Wednesday, August 26, 2015

RMI (Remote Method Invocation)

The RMI (Remote Method Invocation) is an API that help developer to create distributed application in java.

With the help of RMI developer can invoke methods on an object running in another JVM.

The RMI provides remote communication between the applications using two objects stub and skeleton.

Stub

The stub is an gateway object resides at the client side. All the outgoing requests are passed through it. When the caller invokes method on the stub object, it does the following tasks:

- Initiates a connection with remote Virtual Machine (JVM),
- Writes and transmits (marshals) the parameters to the remote Virtual Machine (JVM),
- Reads (unmarshals) the return value or exception, and
- Finally, returns the value to the caller.


Skeleton

The skeleton is an gateway resides on the server side . All the incoming requests are passed through it.

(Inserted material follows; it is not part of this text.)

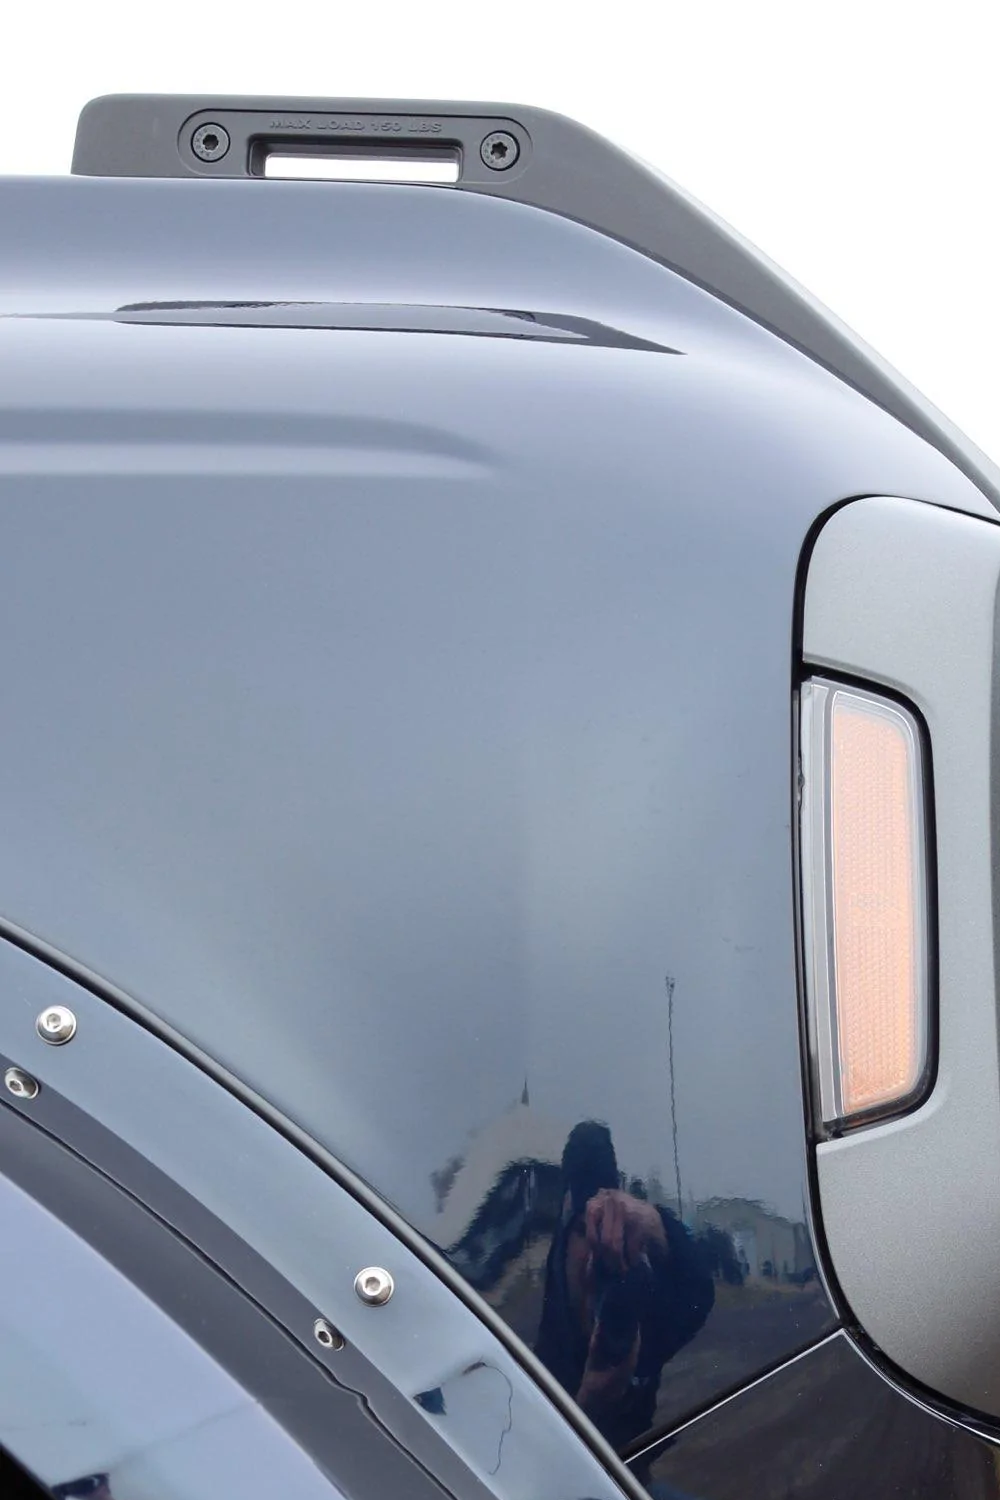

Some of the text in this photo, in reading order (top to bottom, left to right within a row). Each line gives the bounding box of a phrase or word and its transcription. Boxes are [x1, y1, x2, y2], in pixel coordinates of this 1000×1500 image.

[269, 119, 311, 130] MAX
[317, 120, 365, 131] LOAD
[408, 122, 442, 133] LBS

When the skeleton receives the incoming request, it does the following tasks:

-reads the parameter for the remote method that is send to it from stub.
-invokes the method on the actual remote object
-writes and transmits (marshals) the result to the caller.

Diagram



Following are the steps involved in RMI program

1- Create the remote interface
2- Provide the implementation of the remote interface
3- Compile the implementation class
4- Create the stub and skeleton objects using the rmic tool
5- Start the registry service by rmiregistry tool
6- Create and start the Server application
7- Create and start the client application

Lets try to have one smaller example


1- Create the remote interface
import java.rmi.Remote;
import java.rmi.RemoteException;
public interface Adder extends Remote{  
public int add(int x,int y)throws RemoteException;  
}  

2- Provide the implementation of the remote interface
import java.rmi.RemoteException;
import java.rmi.server.UnicastRemoteObject;
public class AdderRemote extends UnicastRemoteObject implements Adder{  
AdderRemote()throws RemoteException{  
super();  
}  
public int add(int x,int y){return x+y;}  
}
3- Compile the implementation class
4- Create the stub and skeleton objects using the rmic tool




5- Create and start the Server application
import java.rmi.*;  
import java.rmi.registry.*;  
public class MyServer{  
public static void main(String args[]){  
try{  
Adder stub=new AdderRemote();  
Naming.rebind("rmi://localhost:5000/siddhu",stub);  
}catch(Exception e){System.out.println(e);}  
}  
}



6- Create and start the client application
import java.rmi.*;  
public class MyClient{  
public static void main(String args[]){  
try{  
Adder stub=(Adder)Naming.lookup("rmi://localhost:5000/siddhu");  
System.out.println(stub.add(34,4));  
}catch(Exception e){}  
}  
}




In this was we can write server class that has connection with the DB or calling 3rd Party application and by doing RMI we can allow Client residing on the same or different JVM can call that method to perform operation.